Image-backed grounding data
/---

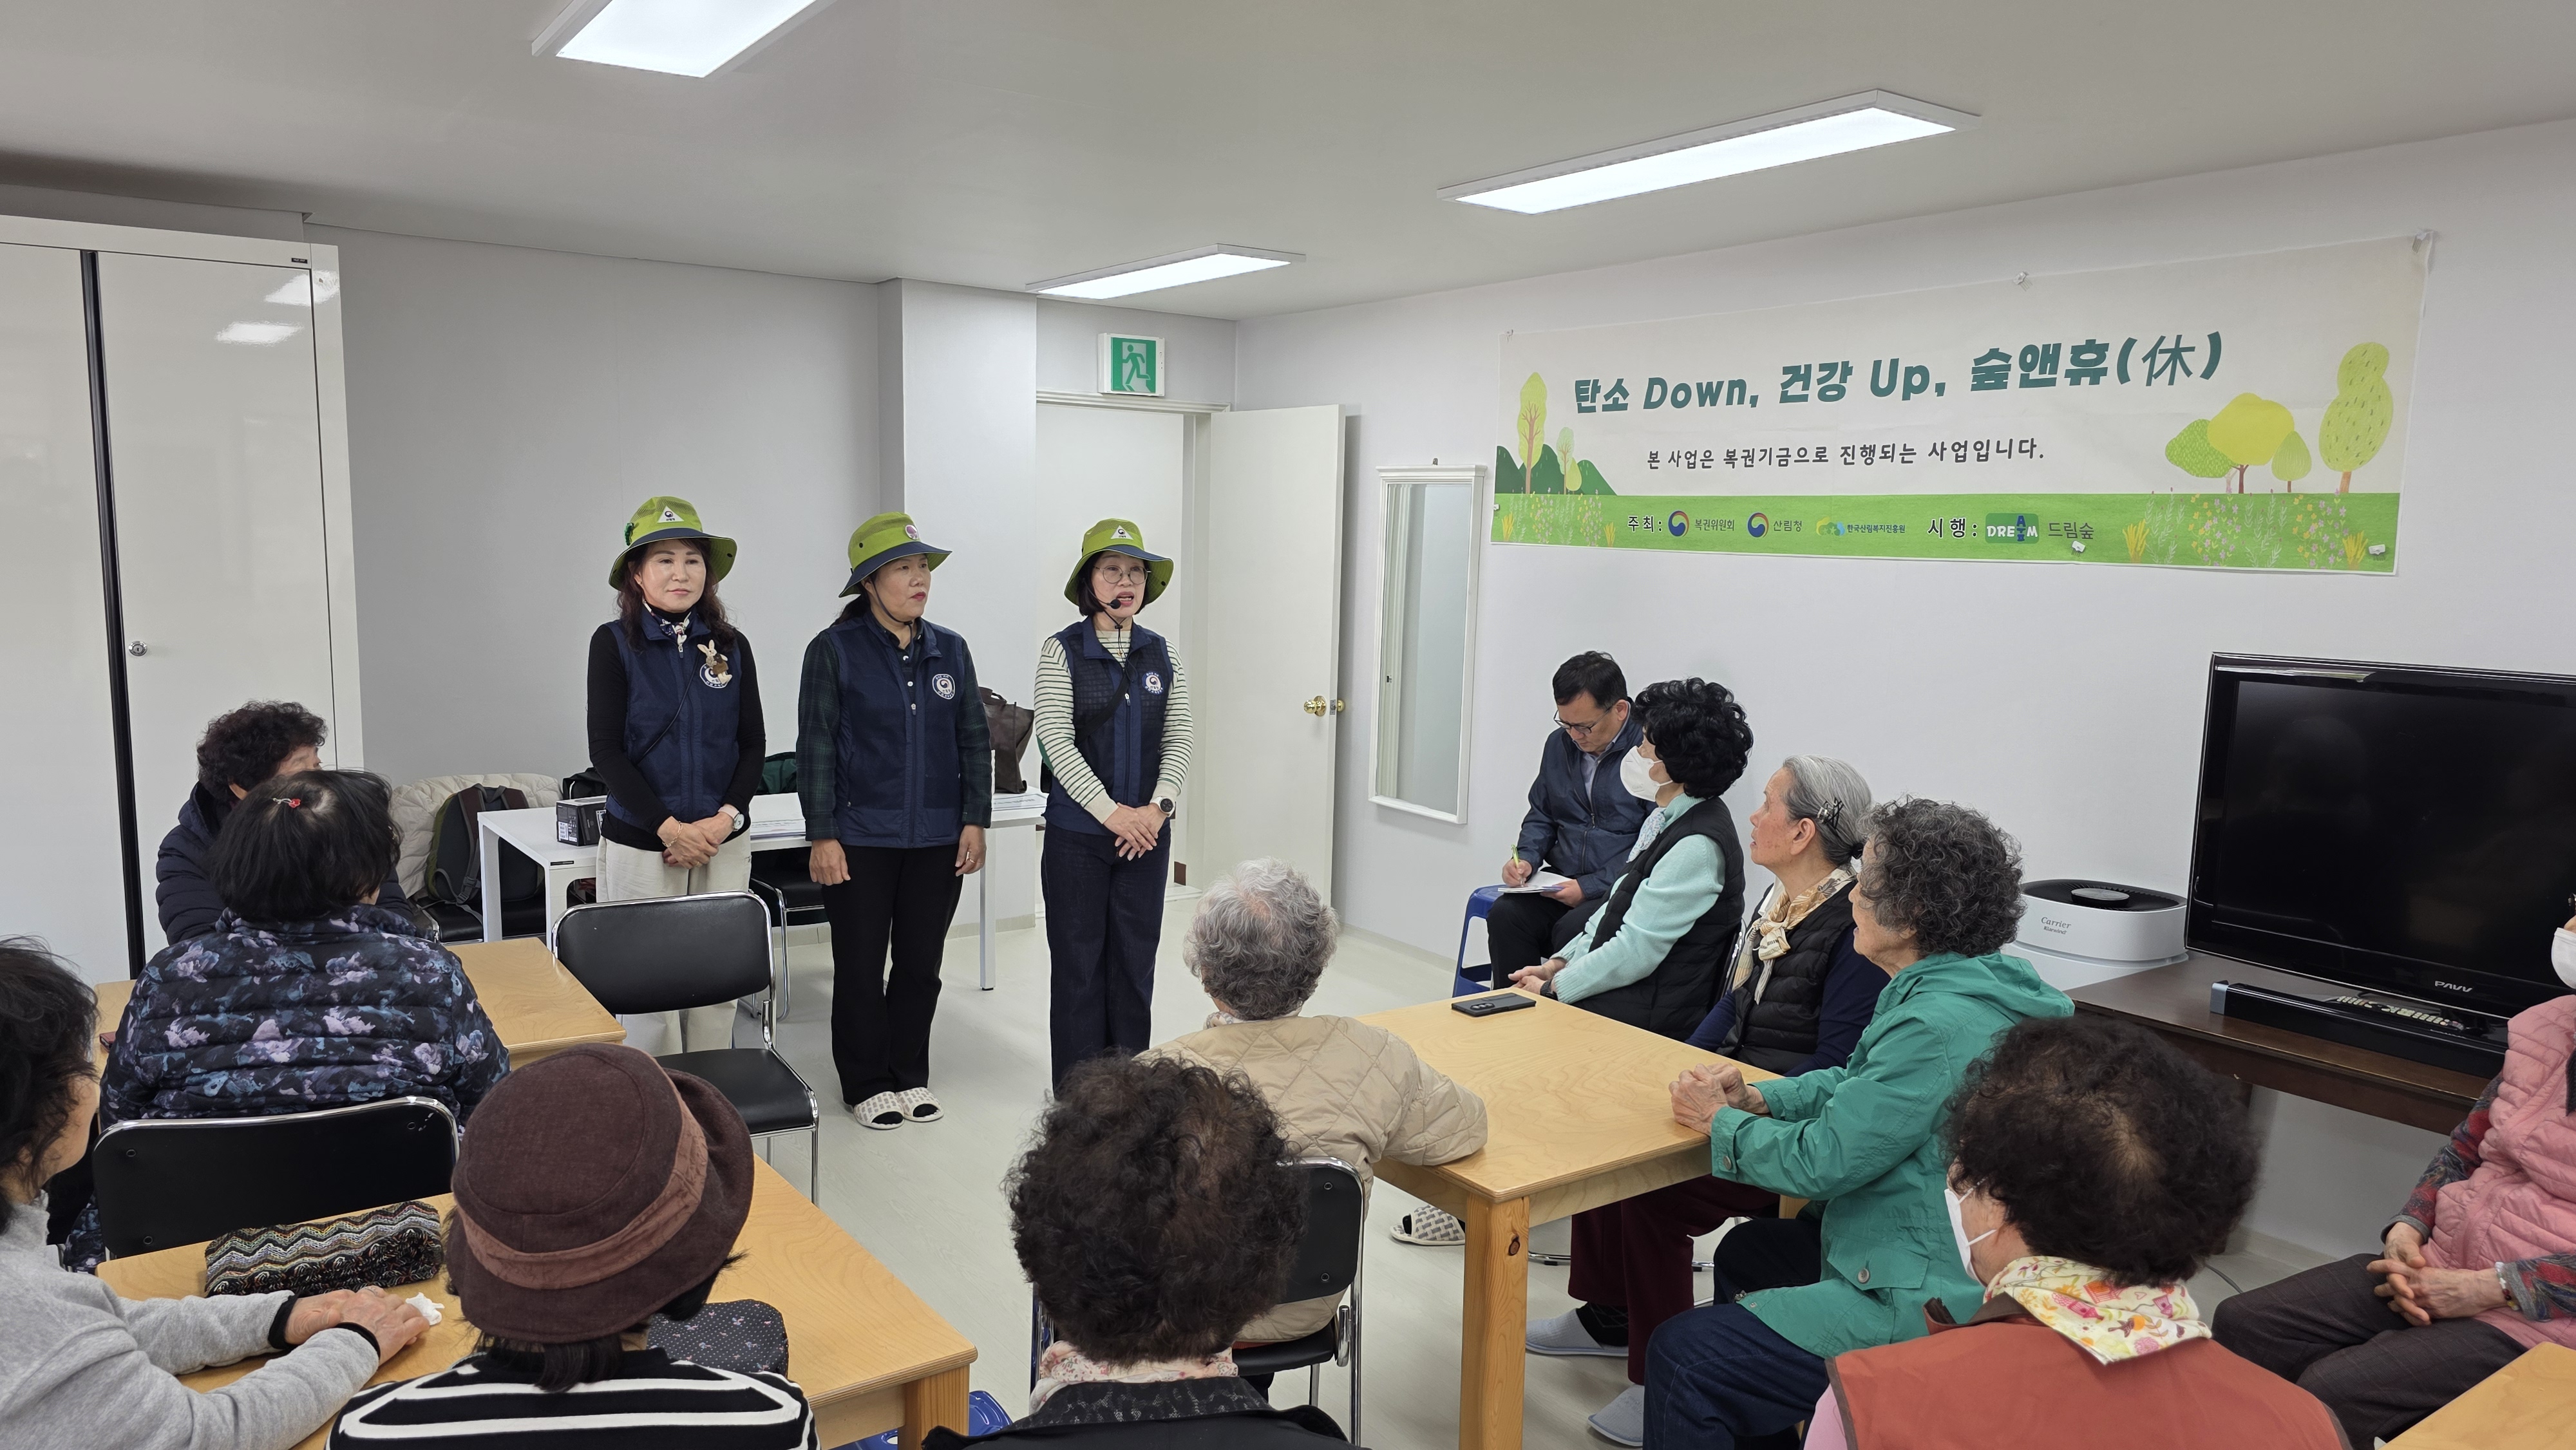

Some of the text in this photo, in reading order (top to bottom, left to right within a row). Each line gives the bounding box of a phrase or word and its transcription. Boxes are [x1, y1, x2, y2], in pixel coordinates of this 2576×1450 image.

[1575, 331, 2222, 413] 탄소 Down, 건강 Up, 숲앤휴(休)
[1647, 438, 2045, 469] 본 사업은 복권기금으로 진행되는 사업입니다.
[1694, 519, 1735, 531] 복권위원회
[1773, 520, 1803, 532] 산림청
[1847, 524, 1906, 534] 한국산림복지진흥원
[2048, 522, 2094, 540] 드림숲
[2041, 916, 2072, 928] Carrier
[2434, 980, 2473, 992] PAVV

\---

▸ **Work order**: A word-for-word retyping of every record is required, without the pictures.

▸ **Solved problem**:
Some of the text in this photo, in reading order (top to bottom, left to right within a row). Each line gives the bounding box of a phrase or word and its transcription. Boxes are [x1, y1, x2, y2], in pixel coordinates of this 2576×1450 image.

[1575, 331, 2222, 413] 탄소 Down, 건강 Up, 숲앤휴(休)
[1647, 438, 2045, 469] 본 사업은 복권기금으로 진행되는 사업입니다.
[1694, 519, 1735, 531] 복권위원회
[1773, 520, 1803, 532] 산림청
[1847, 524, 1906, 534] 한국산림복지진흥원
[2048, 522, 2094, 540] 드림숲
[2041, 916, 2072, 928] Carrier
[2434, 980, 2473, 992] PAVV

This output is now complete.